Exercise: Please reproduce all of the data exactly as it appears, but skip the pictures.

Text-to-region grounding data
------------------------
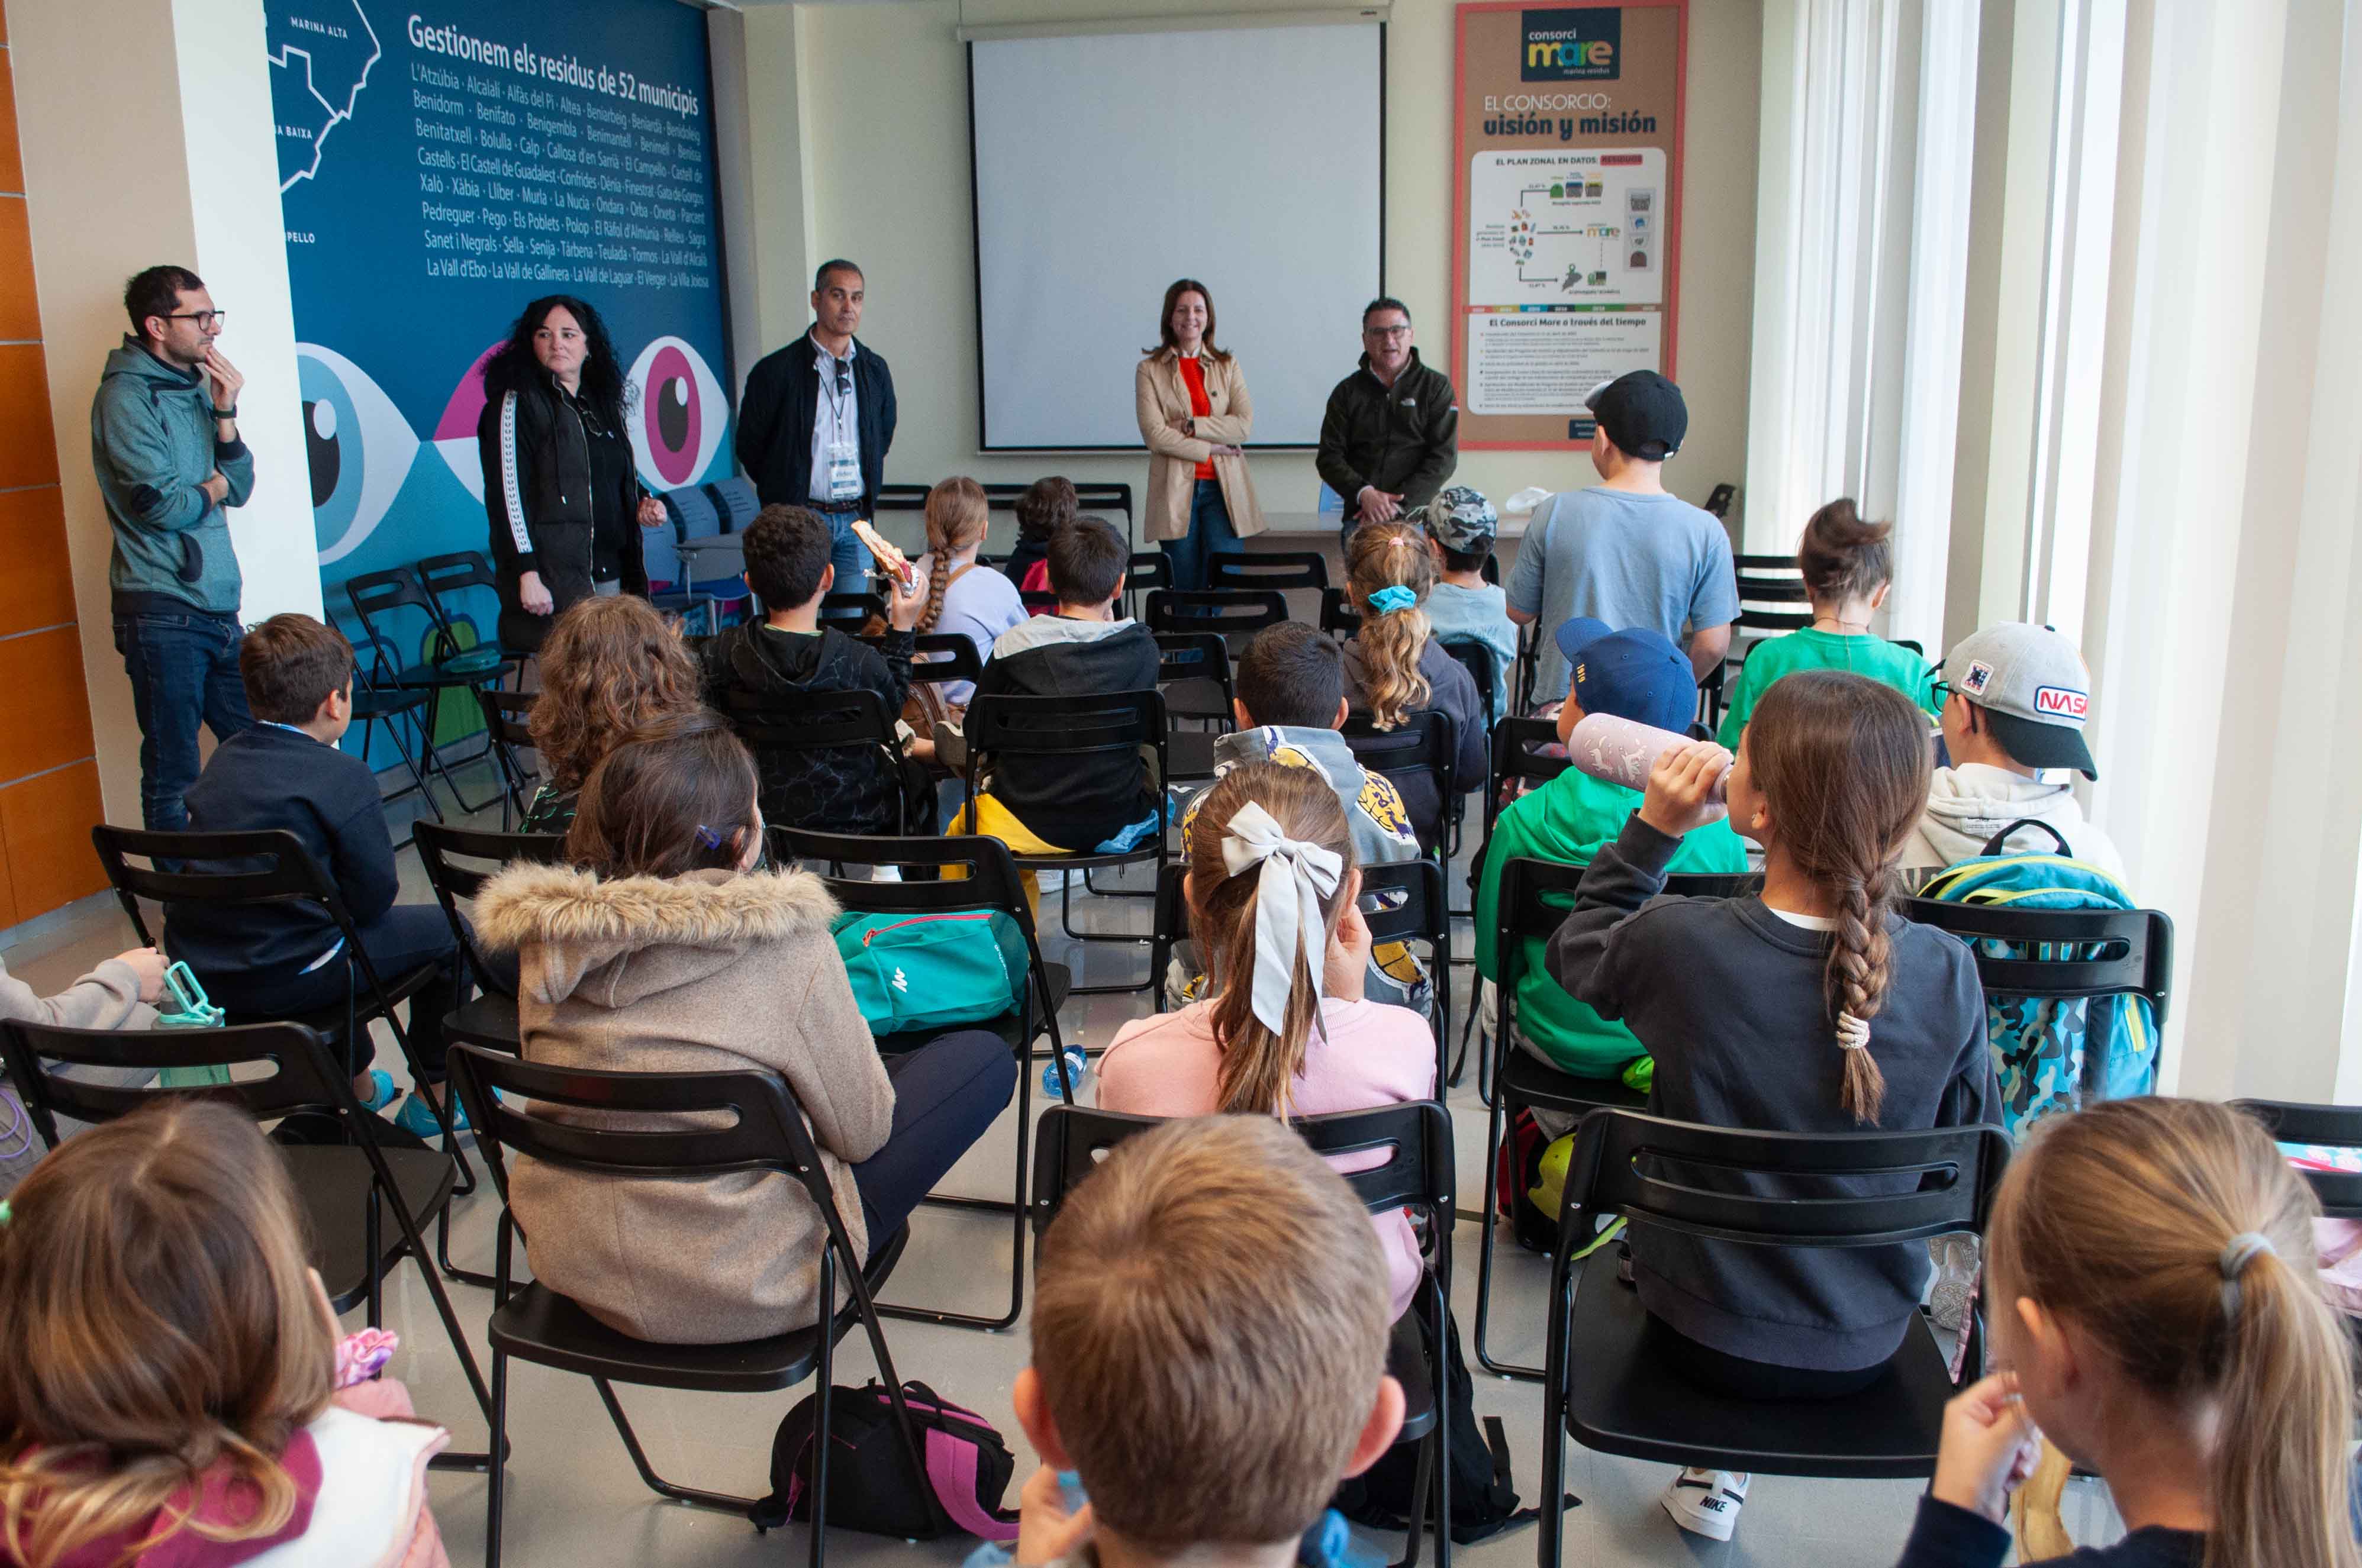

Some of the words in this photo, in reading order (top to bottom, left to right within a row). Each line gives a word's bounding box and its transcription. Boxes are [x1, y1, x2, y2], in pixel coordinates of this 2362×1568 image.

[291, 17, 325, 34] MARINA
[328, 25, 348, 39] ALTA
[1529, 28, 1577, 41] consorci
[408, 14, 510, 69] Gestionem
[514, 44, 537, 76] els
[540, 56, 595, 90] residus
[598, 65, 616, 95] de
[618, 72, 636, 101] 52
[639, 83, 699, 119] municipis
[1528, 41, 1613, 67] mare
[411, 63, 459, 89] L'Atzúbia
[467, 76, 500, 98] Alcalalí
[530, 89, 544, 108] del
[546, 94, 553, 110] Pi
[560, 97, 581, 116] Altea
[587, 103, 627, 130] Beniarbeig
[1484, 95, 1500, 112] EL
[1504, 93, 1612, 112] CONSORCIO:
[286, 126, 312, 140] BAIXA
[414, 90, 463, 116] Benidorm
[477, 103, 515, 126] Benifato
[527, 114, 576, 138] Benigembla
[588, 126, 631, 148] Benimantell
[1559, 117, 1573, 141] y
[1580, 109, 1657, 134] misión
[416, 118, 472, 144] Benitatxell
[481, 130, 511, 151] Bolulla
[520, 137, 540, 161] Calp
[547, 142, 576, 162] Callosa
[578, 147, 596, 164] d'en
[626, 156, 631, 170] El
[634, 158, 666, 179] Campello
[694, 167, 702, 182] de
[418, 147, 455, 169] Castells
[461, 153, 469, 170] El
[471, 155, 500, 175] Castell
[501, 159, 513, 177] de
[515, 162, 556, 183] Guadalest
[560, 169, 596, 189] Confrides
[625, 179, 653, 196] Finestrat
[673, 186, 681, 201] de
[420, 173, 443, 192] Xalò
[453, 177, 479, 196] Xàbia
[523, 187, 546, 204] Murla
[555, 191, 564, 207] La
[597, 197, 623, 214] Ondara
[630, 201, 647, 217] Orba
[681, 208, 704, 224] Parcent
[423, 201, 475, 227] Pedreguer
[483, 208, 506, 231] Pego
[514, 211, 526, 227] Els
[529, 212, 559, 231] Poblets
[566, 217, 589, 238] Polop
[595, 220, 601, 234] El
[425, 230, 453, 248] Sanet
[456, 231, 459, 248] i
[461, 233, 497, 255] Negrals
[502, 235, 523, 253] Sella
[530, 238, 555, 260] Senija
[598, 244, 627, 260] Teulada
[630, 247, 657, 262] Tormos
[662, 250, 669, 263] La
[671, 250, 682, 264] Vall
[427, 258, 439, 275] La
[441, 258, 457, 276] Vall
[460, 259, 486, 277] d'Ebo
[492, 262, 502, 278] La
[504, 262, 520, 279] Vall
[521, 262, 532, 279] de
[534, 263, 569, 280] Gallinera
[574, 267, 582, 281] La
[584, 266, 598, 282] Vall
[599, 267, 608, 282] de
[610, 269, 633, 288] Laguar
[637, 269, 643, 284] El
[645, 271, 666, 289] Verger
[670, 272, 677, 286] La
[1490, 318, 1498, 327] El
[1500, 318, 1537, 327] Consorci
[1539, 318, 1560, 327] Mare
[1600, 317, 1614, 325] del
[1616, 317, 1646, 328] tiempo
[1577, 663, 1586, 683] 1919
[1699, 1495, 1728, 1513] NIKE
------------------------
Response to the task:
Some of the words in this photo, in reading order (top to bottom, left to right within a row). Each line gives a word's bounding box and its transcription. Boxes are [x1, y1, x2, y2], in pixel coordinates of this 2362×1568 image.

[291, 17, 325, 34] MARINA
[328, 25, 348, 39] ALTA
[1529, 28, 1577, 41] consorci
[408, 14, 510, 69] Gestionem
[514, 44, 537, 76] els
[540, 56, 595, 90] residus
[598, 65, 616, 95] de
[618, 72, 636, 101] 52
[639, 83, 699, 119] municipis
[1528, 41, 1613, 67] mare
[411, 63, 459, 89] L'Atzúbia
[467, 76, 500, 98] Alcalalí
[530, 89, 544, 108] del
[546, 94, 553, 110] Pi
[560, 97, 581, 116] Altea
[587, 103, 627, 130] Beniarbeig
[1484, 95, 1500, 112] EL
[1504, 93, 1612, 112] CONSORCIO:
[286, 126, 312, 140] BAIXA
[414, 90, 463, 116] Benidorm
[477, 103, 515, 126] Benifato
[527, 114, 576, 138] Benigembla
[588, 126, 631, 148] Benimantell
[1559, 117, 1573, 141] y
[1580, 109, 1657, 134] misión
[416, 118, 472, 144] Benitatxell
[481, 130, 511, 151] Bolulla
[520, 137, 540, 161] Calp
[547, 142, 576, 162] Callosa
[578, 147, 596, 164] d'en
[626, 156, 631, 170] El
[634, 158, 666, 179] Campello
[694, 167, 702, 182] de
[418, 147, 455, 169] Castells
[461, 153, 469, 170] El
[471, 155, 500, 175] Castell
[501, 159, 513, 177] de
[515, 162, 556, 183] Guadalest
[560, 169, 596, 189] Confrides
[625, 179, 653, 196] Finestrat
[673, 186, 681, 201] de
[420, 173, 443, 192] Xalò
[453, 177, 479, 196] Xàbia
[523, 187, 546, 204] Murla
[555, 191, 564, 207] La
[597, 197, 623, 214] Ondara
[630, 201, 647, 217] Orba
[681, 208, 704, 224] Parcent
[423, 201, 475, 227] Pedreguer
[483, 208, 506, 231] Pego
[514, 211, 526, 227] Els
[529, 212, 559, 231] Poblets
[566, 217, 589, 238] Polop
[595, 220, 601, 234] El
[425, 230, 453, 248] Sanet
[456, 231, 459, 248] i
[461, 233, 497, 255] Negrals
[502, 235, 523, 253] Sella
[530, 238, 555, 260] Senija
[598, 244, 627, 260] Teulada
[630, 247, 657, 262] Tormos
[662, 250, 669, 263] La
[671, 250, 682, 264] Vall
[427, 258, 439, 275] La
[441, 258, 457, 276] Vall
[460, 259, 486, 277] d'Ebo
[492, 262, 502, 278] La
[504, 262, 520, 279] Vall
[521, 262, 532, 279] de
[534, 263, 569, 280] Gallinera
[574, 267, 582, 281] La
[584, 266, 598, 282] Vall
[599, 267, 608, 282] de
[610, 269, 633, 288] Laguar
[637, 269, 643, 284] El
[645, 271, 666, 289] Verger
[670, 272, 677, 286] La
[1490, 318, 1498, 327] El
[1500, 318, 1537, 327] Consorci
[1539, 318, 1560, 327] Mare
[1600, 317, 1614, 325] del
[1616, 317, 1646, 328] tiempo
[1577, 663, 1586, 683] 1919
[1699, 1495, 1728, 1513] NIKE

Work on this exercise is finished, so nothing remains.